Amid the whirlwind of controversies surrounding rape and consent, I’m reminded of the cliché, “raping the land”. It’s a grisly metaphor that’s come to signify the senseless destruction of an otherwise innocent place. Nowhere is that metaphor better actualized than in the laying of a pipeline through the pristine B.C. interior.
And have the pipeline companies asked for consent?
A subcontractor for TransCanada Corp. has, on two separate occasions, attempted to begin building a pipeline through the Khutzeymateen Inlet Conservancy, a sanctuary to around 50 grizzly bear, and on each occasion been asked to desist. Now, say sources in the area, they’re trying a third time. “The Kwinimass Conservancy and the Khutzeymateen Inlet Conservancy are currently being invaded by helicopters as crews survey the route for a 4-foot diameter pipeline that would require a 200-foot right-of-way,” reads a September 5 press release from the Valhalla Wilderness Society.
“The pipeline corridor will shatter the ecological integrity of the whole area,” adds Wayne McCroy, director for VWA and also a bear biologist, “and is a threat to every grizzly bear for miles around.” As someone who’s researched grizzlies since 1985, and was instrumental in creating the sanctuary, McCroy laments the intrusion of the pipeline companies: “If this pipeline corridor is allowed through these protected areas, the first thing it’s going to do is totally violate the spirit and intent of the Park Act and set a horrible precedent for these sorts of things.”

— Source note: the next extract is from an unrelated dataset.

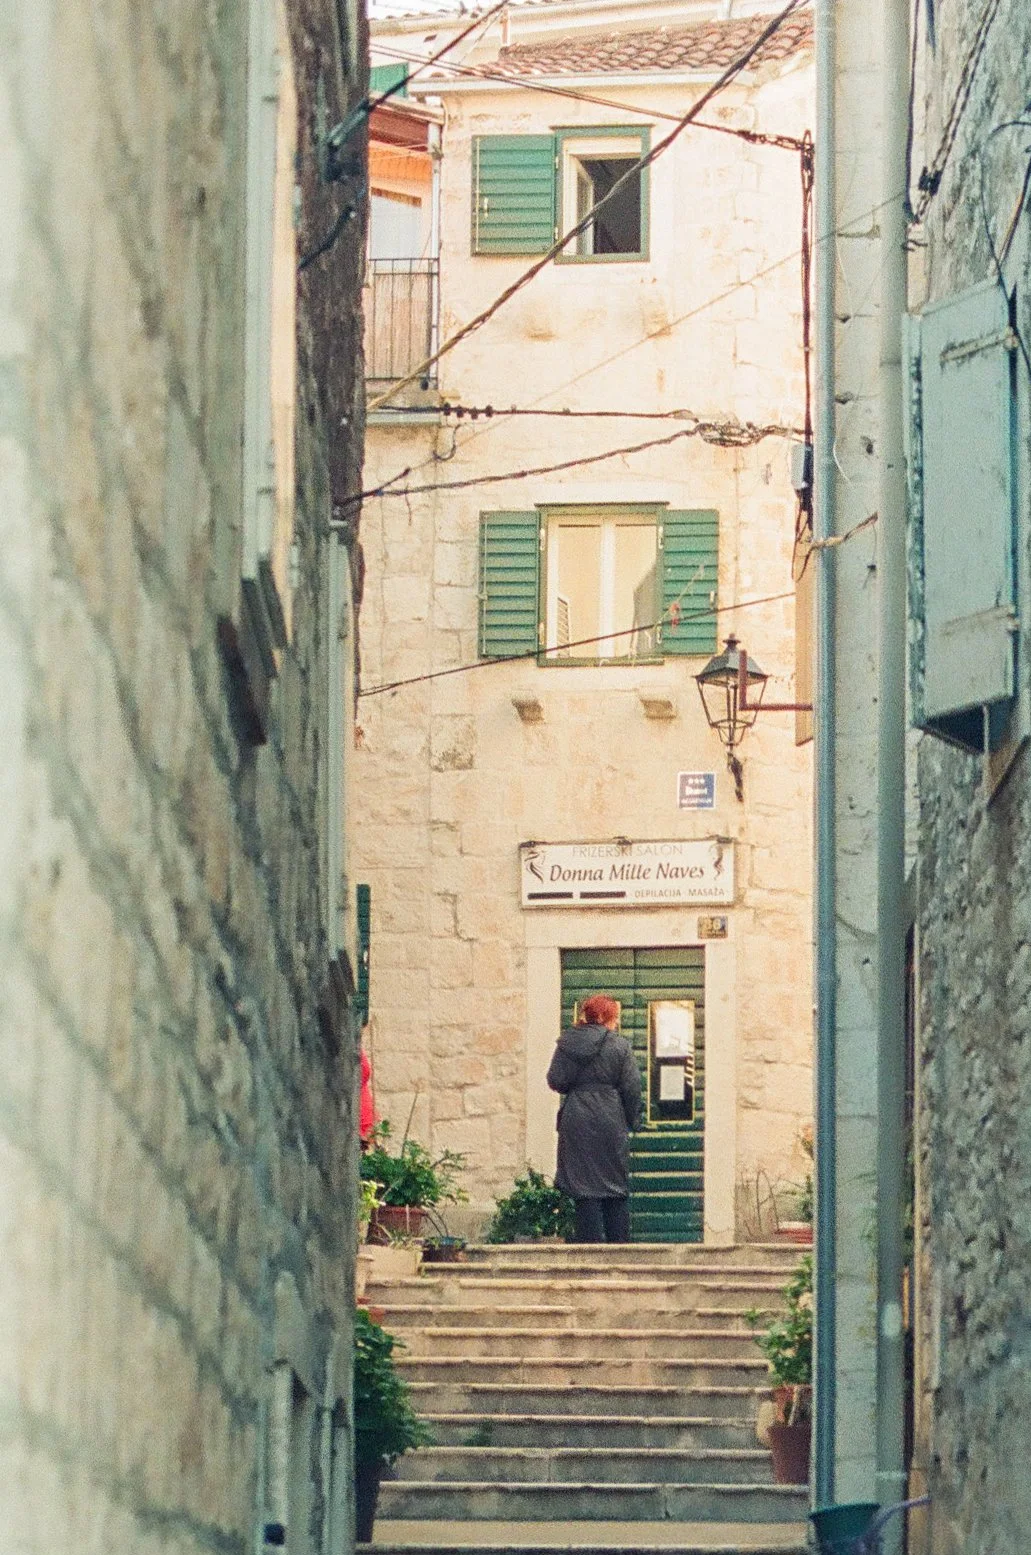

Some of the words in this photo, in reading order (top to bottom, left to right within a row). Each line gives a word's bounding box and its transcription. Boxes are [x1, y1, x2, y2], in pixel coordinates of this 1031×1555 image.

He adds: “Why does the economy have to come first? Are we going to start building coal mines in Jasper National Park, and Nuclear plants in Banff Park?”
The company’s project, McCroy says, would require large industrial roads and a staging area to be built on the edge of the inlet fjord, in order to build a nearly 2km pipe across the inlet. The scale of the removal of pristine old-growth rainforest from the protected areas would cause irreparable damage. “No matter what kind of guidelines they promise”, he says, “there will be conflicts with grizzly bears.”
“These areas are sacred”, he adds, “and if we as a government, as a people, as a democracy, allow this to happen, it sends a message to the world that Canada doesn’t care about their environment.” Despite receiving legislative protection by BC in 1994, after an exhaustive 9-year battle with the timber industry, the Khutzeymateen grizzly bear sanctuary remains a coveted area for industries who, it seems, believe a dead bear, in the right light, looks rather like a dollar sign.